The 80-second repeated squat jump test is simple to execute but requires a few key points of attention. After successful zeroing and weighing periods performed on ForceDecks, the athlete slowly drops into a squat, holding 90° of knee flexion with their hands on their hips. This will be the position they spend most of their time in during the test.
After holding this position for 4 seconds, the athlete explodes upward, jumping as high as possible without performing a countermovement. Immediately upon landing, they return to the same squatted posture. The practitioner should have a profile view of the athlete to ensure a 90° knee angle is sustained after each landing. The 4-second hold, jump and landing sequence is repeated until all 20 jumps have been performed.
How are you defining and measuring neuromuscular control in this context?
Neuromuscular control refers to the coordination between muscle groups during movement. In one study, we used electromyography (EMG) to measure quadriceps and hamstring coactivity. This allowed us to see how neural drive changes as fatigue sets in.
Essentially, we’re looking at how muscles work together to produce movement and stabilize the body. For example, after an ACL injury, it’s common for quadriceps weakness to hold athletes back from performing, which is often assumed to be the main limiting factor for asymmetries seen on dual force plates like ForceDecks.
…after an ACL injury, it’s common for quadriceps weakness to hold athletes back from performing, which is often assumed to be the main limiting factor for asymmetries seen on dual force plates like ForceDecks.
However, the protective coactivity of the hamstrings acts as a guarding mechanism, which can delay the rate of knee extension during the concentric phase of the jump – a factor known to be a key determinant of jumping performance.
By analyzing this alongside force data, we can draw connections between mechanical performance and neuromuscular behavior under fatigue. This allows us to identify force trace patterns that differentiate between true force asymmetry and neuromuscular control limitations.
What key metrics do you focus on in this test?
There are several. First, we measure takeoff velocity, comparing the average takeoff velocity of the first five jumps to the last five to calculate a fatigue index. This shows the percentage decline in performance over the test. Averages tend to display better stability, which makes our data more reliable and comparable across groups and teams.
We also track asymmetry between limbs throughout the jumps. Interestingly, many athletes become more symmetrical as they fatigue – a finding that provides valuable context for return-to-sport decisions. Finally, we calculate the average power output for each test over the 20 jumps and add it all together. This provides a comprehensive view of an athlete’s work capacity across the entire assessment.
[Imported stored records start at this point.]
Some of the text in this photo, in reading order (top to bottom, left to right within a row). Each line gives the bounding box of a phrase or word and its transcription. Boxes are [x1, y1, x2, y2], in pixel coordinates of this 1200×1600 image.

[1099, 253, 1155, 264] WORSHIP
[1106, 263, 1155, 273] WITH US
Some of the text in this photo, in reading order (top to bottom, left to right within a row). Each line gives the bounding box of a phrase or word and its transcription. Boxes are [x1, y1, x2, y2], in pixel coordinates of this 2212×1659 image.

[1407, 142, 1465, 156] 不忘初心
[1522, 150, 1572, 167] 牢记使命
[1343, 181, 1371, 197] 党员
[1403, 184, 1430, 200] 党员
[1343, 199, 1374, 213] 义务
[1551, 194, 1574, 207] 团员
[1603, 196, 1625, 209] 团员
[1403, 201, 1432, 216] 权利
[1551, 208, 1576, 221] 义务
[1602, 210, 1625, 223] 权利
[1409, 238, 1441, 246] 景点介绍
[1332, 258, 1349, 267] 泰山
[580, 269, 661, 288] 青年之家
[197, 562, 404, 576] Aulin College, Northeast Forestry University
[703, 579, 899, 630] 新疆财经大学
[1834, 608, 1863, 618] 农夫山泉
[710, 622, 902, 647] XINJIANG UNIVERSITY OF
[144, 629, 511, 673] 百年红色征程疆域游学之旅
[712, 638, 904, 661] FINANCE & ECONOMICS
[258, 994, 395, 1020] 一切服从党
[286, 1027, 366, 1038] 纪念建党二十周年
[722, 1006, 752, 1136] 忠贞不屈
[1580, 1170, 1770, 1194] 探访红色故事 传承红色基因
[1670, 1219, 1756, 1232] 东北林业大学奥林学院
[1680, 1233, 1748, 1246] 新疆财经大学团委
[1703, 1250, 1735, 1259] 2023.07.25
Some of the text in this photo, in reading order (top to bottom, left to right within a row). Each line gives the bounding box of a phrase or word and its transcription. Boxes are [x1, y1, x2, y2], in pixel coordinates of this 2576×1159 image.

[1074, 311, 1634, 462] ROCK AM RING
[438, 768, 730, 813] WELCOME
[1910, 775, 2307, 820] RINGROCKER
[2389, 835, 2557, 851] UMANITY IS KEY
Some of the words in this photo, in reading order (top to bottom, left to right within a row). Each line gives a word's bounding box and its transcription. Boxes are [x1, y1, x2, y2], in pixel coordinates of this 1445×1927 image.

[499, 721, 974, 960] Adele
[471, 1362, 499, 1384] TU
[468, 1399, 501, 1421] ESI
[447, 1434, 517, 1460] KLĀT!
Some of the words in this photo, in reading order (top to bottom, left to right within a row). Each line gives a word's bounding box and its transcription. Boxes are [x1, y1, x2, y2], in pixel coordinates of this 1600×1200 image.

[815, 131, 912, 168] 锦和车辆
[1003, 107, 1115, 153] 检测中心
Interestingly, many athletes become more symmetrical as they fatigue – a finding that provides valuable context for return-to-sport decisions.
How do you apply test findings to training and rehabilitation?
We apply the test results to inform everything from exercise selection to return to play (RTP). For instance, if an athlete shows significant asymmetry under fatigue, we might include more unilateral exercises to target the weaker side.
We also focus on neuromuscular training under fatigue, like landing drills and perturbation exercises, to help athletes maintain proper mechanics when tired. This helps them develop the “muscle memory” needed to protect themselves in high-stress, real-world scenarios.
How do asymmetries influence your decision-making?
Asymmetries reveal key details about an athlete’s jump strategy, especially post-injury. We often see more symmetrical jumps in the last five repetitions compared to the first five. This occurs under fatigue, particularly in the uninjured limb, bringing the limb outputs closer together. These shifts highlight the importance of monitoring fatigue to inform return-to-sport protocols and ensure both limbs are fully prepared for competition.
Various loading examples that may help mitigate some asymmetry in jump performance and improve RTP safety.
If an athlete starts with high asymmetry but achieves symmetry under fatigue, it may indicate an initial over-reliance on the uninjured limb. We use this data to fine-tune their training and ensure both limbs are developing evenly.
Can this test be useful for uninjured athletes?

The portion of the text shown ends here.